“Do not despair we are ‘On The MOVE,'” the National Black Doll Museum said in announcing that it is closing its storefront galleries in Mansfield due to the challenges of coronavirus and looking for a new site, the institution announced yesterday.
“The building doesn’t meet the basic guidelines to keep you healthy,” the museum said on facebook. “In addition 80 percent of our revenue is derived from groups, tours, and schools all of which has cancelled for 2020. Therefore we have forgone our lease and a new tenant will occupy the space as of Aug. 1.”
The Mansfield News reported: “In early June the owner of the building announced his intention to raise the rent and do work in the building, forcing [museum co-founder Debra] Britt to make the tough decision to vacate by June 30. The space has already been leased by a new business. ‘l wasn’t prepared to go. I cried for a week. So much of what we built up is gone. How do we keep up those connections?’ Britt asked.”
The museum was founded by Britt and her sister Felicia Walker. On Facebook, they quote the early 20th century Black nationalist Marcus Garvey: “Mothers! Give your children dolls that look like them to play with and cuddle. They will learn as they grow older to love and care for their own children and not neglect them.”
The museum aims to preserve representations of African Americans in dolls—and through the dolls tell Black history. It began with the sisters’ personal collections, then became a traveling exhibit, before they moved the collection into a storefront at 288 North Main St. in 2012. They filled a main gallery and surrounding rooms with Black Barbies; African dolls; Black Cabbage Patch Kids, dolls depicting Black historical figures, musicians, politicians, Jackie Robinson other athletes.

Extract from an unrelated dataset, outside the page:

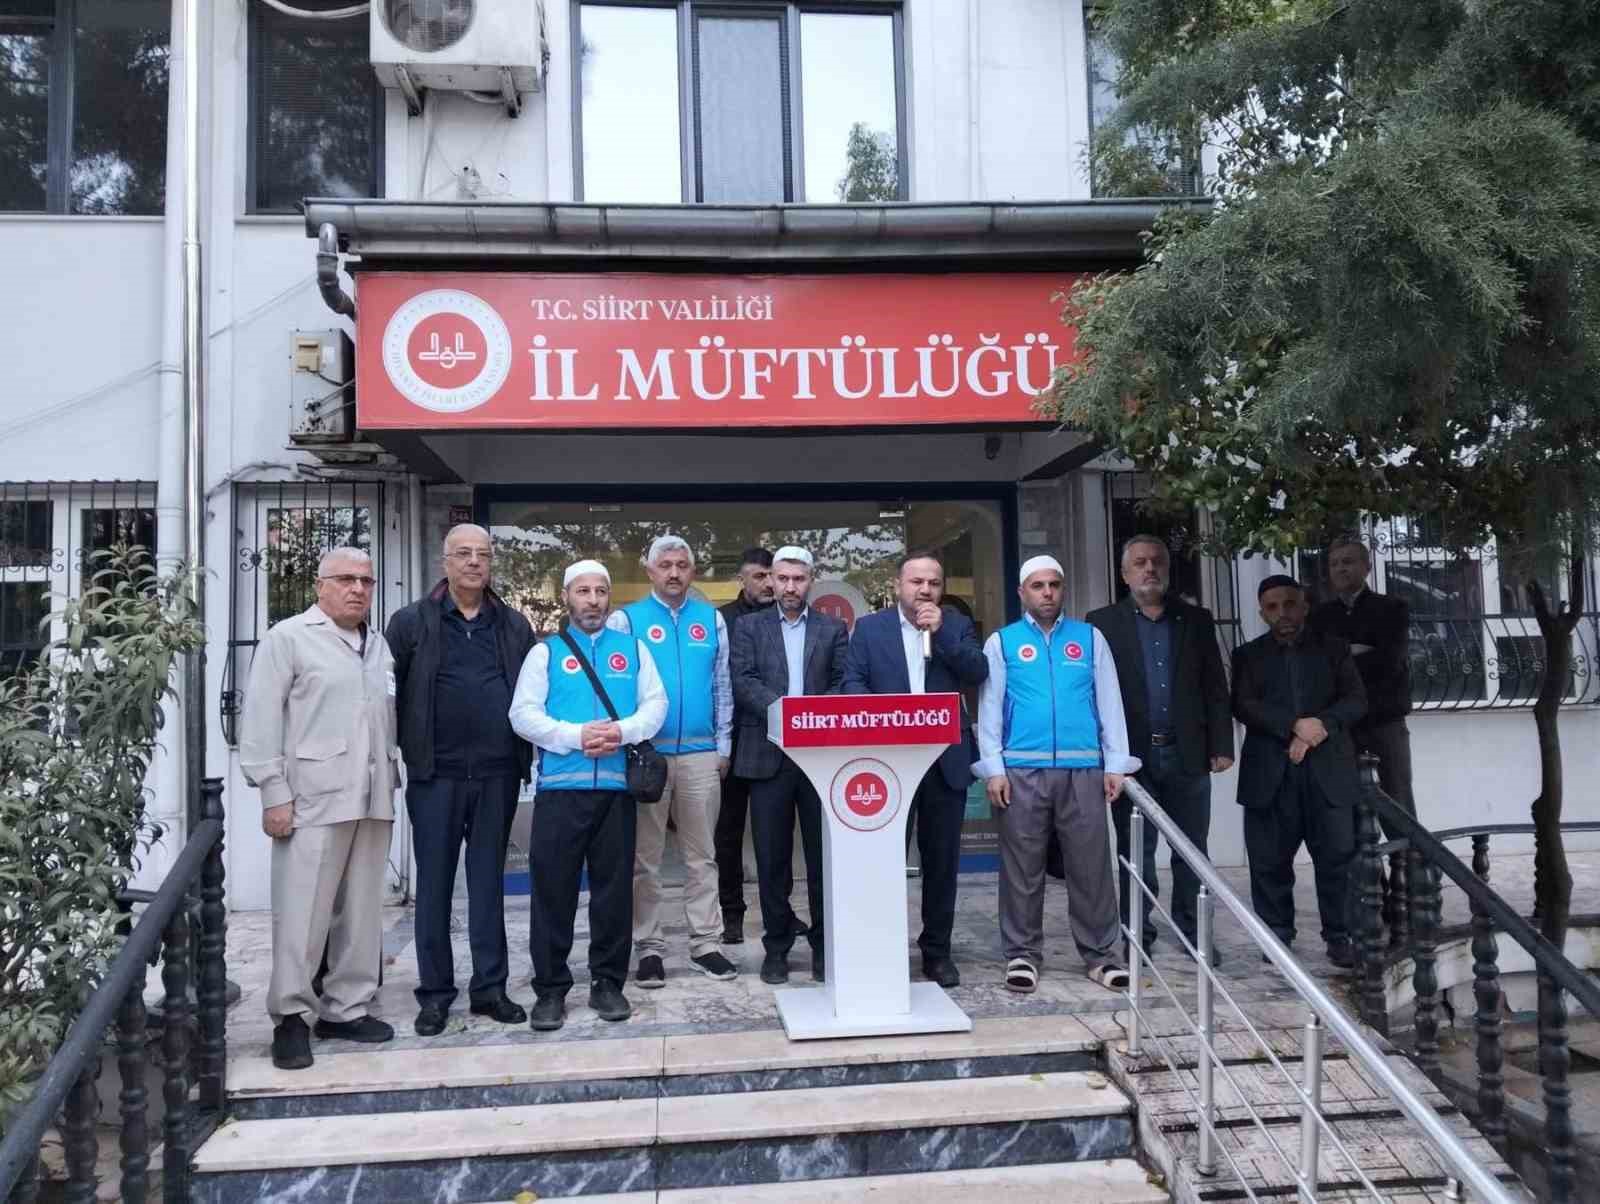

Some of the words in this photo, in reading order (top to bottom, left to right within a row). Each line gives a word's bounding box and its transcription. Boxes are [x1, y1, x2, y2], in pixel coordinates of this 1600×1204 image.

“With a heavy heavy and broken heart we have closed our doors for all on-site programming including workshops, tours exhibit openings and our Annual fundraiser tea,” the museum announced on Facebook on March 21. “The coronavirus and National Emergency is a real threat and we must all do our best to take care of each other.”

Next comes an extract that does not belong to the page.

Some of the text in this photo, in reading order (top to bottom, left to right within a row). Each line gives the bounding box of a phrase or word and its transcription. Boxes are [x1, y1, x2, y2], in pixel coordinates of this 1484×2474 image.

Now an email shared with museum members reads, “We have been hoping for some time to move to a bigger site, and the COVID-closure has given us the moment to make this move. The forthcoming change in our building is only one of many changes we’re undertaking to become a bigger, better, more impactful museum. But, rest assured: our mission will not change! We will still exist to nurture self-esteem, promote diversity, and celebrate the art and history of Black dolls. We will continue to tell Black history through the eyes of a doll collector. We will exist to be a ‘place for all people’ where important discussions can take place and community can grow.”